ORLANDO, Fla. — Maryland teachers were instructed to engage children by crouching and speaking to them at eye level. Chevrolet dealers were taught to think in theater metaphors: onstage, where smiles greet potential buyers, and offstage, where sales representatives can take out-of-sight cigarette breaks.
Florida Hospital now exhibits what one official called “calming video art,” and it installed recessed lighting based on a Disney finding.
A Florida children’s hospital was advised to welcome patients in an entertaining way, prompting it to employ a ukulele-playing greeter dressed in safari gear.
These personal service tips came from the Disney Institute, the low-profile consulting division of the Walt Disney Company. Desperate for new ways to connect with consumers, an increasing array of industries and organizations are paying Disney to teach them how to become, well, more like Disney.

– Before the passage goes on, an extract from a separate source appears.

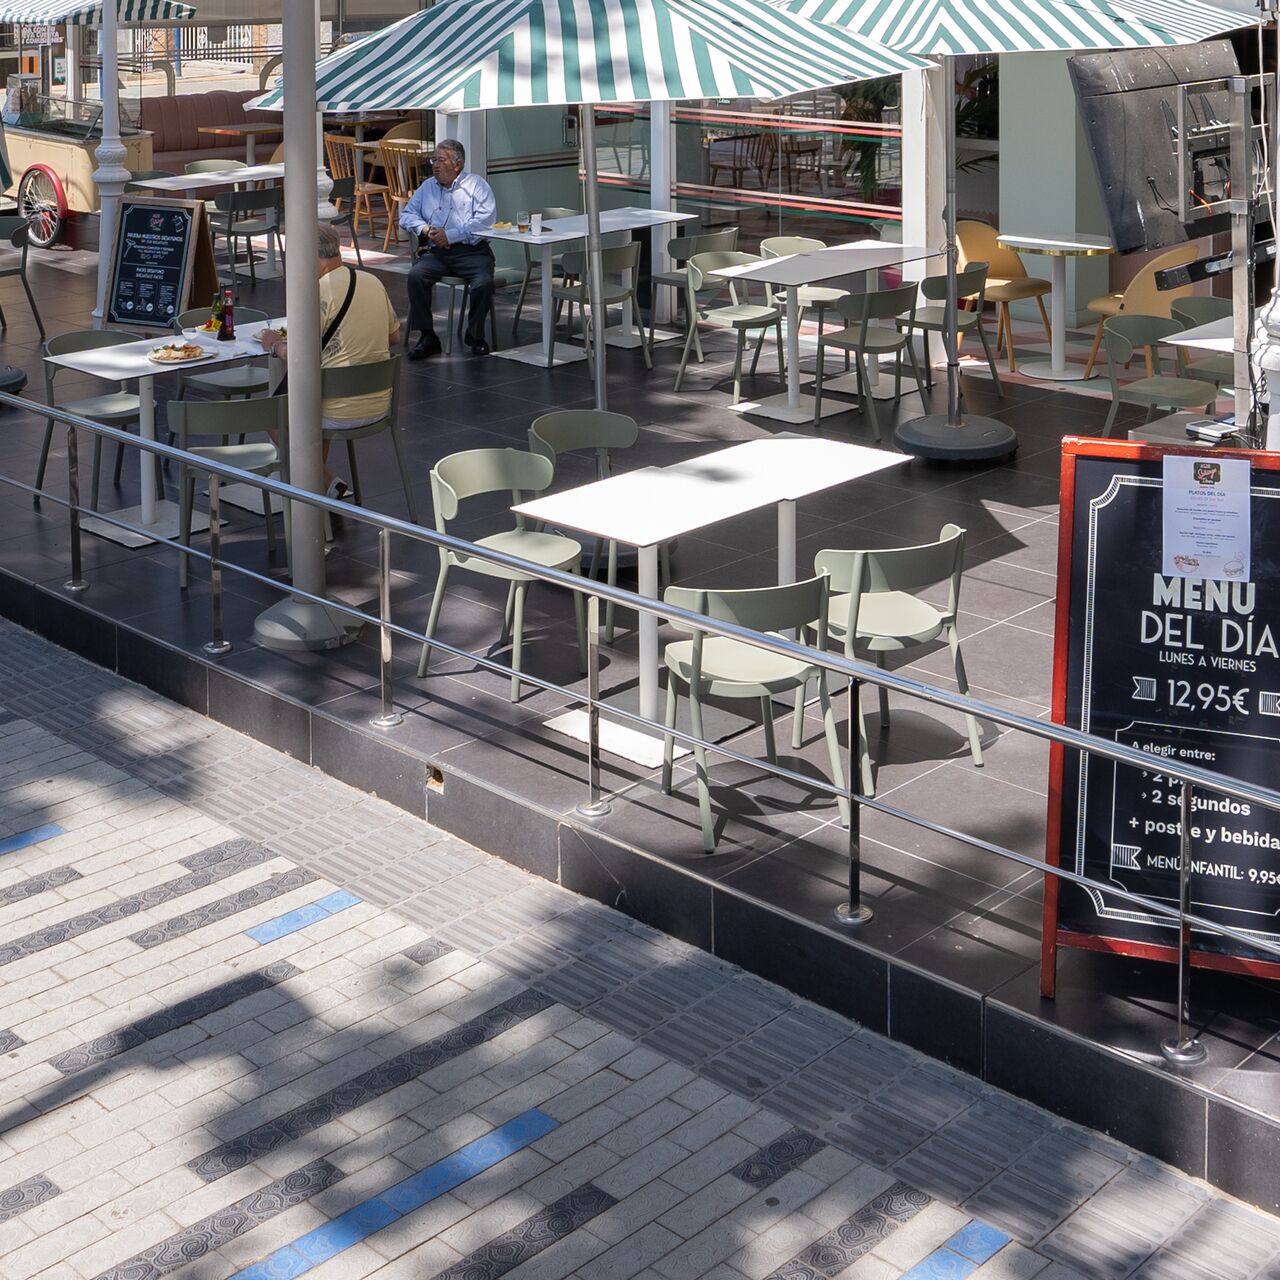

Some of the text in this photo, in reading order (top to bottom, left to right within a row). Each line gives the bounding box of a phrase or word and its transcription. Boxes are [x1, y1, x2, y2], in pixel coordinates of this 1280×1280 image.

Revenue from the Disney Institute has doubled over the last three years, according to Disney, powered in part by its aggressive pursuit of new business. Over the last two years alone, 300 school systems across the country have sought its advice.
Other clients range from very large entities — Häagen-Dazs International, United Airlines, the country of South Africa — to small ones: three Subway restaurants in Maine, a Michigan hair salon, a Boston youth-counseling center.
The Disney Institute recently hired a network of field representatives to sign up clients and started dispatching its executives to companies wanting help; before that, advice-seekers traveled to Walt Disney World here or Disneyland in California.
“We’re putting our people on planes all day every day, domestically and internationally,” said Jeff James, who runs Disney’s consulting branch. “Some clients are in great shape and want to improve even further, and some are truly clueless.”
Mr. James said the up-and-down economy had put pressure on companies to pay more attention to consumers’ needs. He also cited the importance of the Web, which “gives unhappy customers a megaphone.”
Disney, which employs 64,000 people in Orlando alone, has its own employee difficulties, of course. Union spats arise, and some cast members — Disney-speak for employees — chafe at the company’s strict rules, although it recently lifted a facial-hair ban and now allows women to forgo pantyhose. Disney’s sugary customer service can also startle visitors who aren’t used to such uniform cheerfulness.
But vast numbers of consumers love it, and the company is routinely showcased in business books, like “The Disney Way: Harnessing the Management Secrets of Disney in Your Company,” for its hospitality and efficiency. For instance, the company has spent so much time studying its park customers — more than 120 million of them globally last year — that it places trash cans every 27 paces, the average distance a visitor carries a candy wrapper before discarding it.
That attention to detail is what compelled Frank Supovitz, the National Football League’s senior vice president for events, to hire Disney to help with this year’s Super Bowl, following a seating debacle at the 2011 game. Disney devised and executed a training program for the game’s 20,000 staff members and helped coordinate crowd control.
“We wanted those 20,000 people to internalize a sense of pride in their part to play,” Mr. Supovitz said, adding that he planned to hire Disney again next year.
Sometimes the Disney influence is more noticeable. Florida Hospital, a 22-campus chain, now employs that ukulele-playing greeter and exhibits what Tim Burrill, a vice president of the chain, called “calming video art” elsewhere. The hospital installed recessed lighting in hallways after Disney researchers found that patients on gurneys didn’t like staring at fluorescent bulbs.
Disney has been marketing its services to hospitals in advance of a new government requirement that patient satisfaction surveys be reported online; starting in October, billions of dollars in Medicare reimbursements will be linked to the scores.
In 2009 Florida Hospital’s children’s unit had patient satisfaction scores in the bottom 10 percent of the country. It hired Disney and by the end of 2010 ranked in the top 10 percent. (Last year, the hospital opened a new $75 million expansion; Disney’s philanthropic arm contributed $10 million and was given naming rights of the children’s wing.)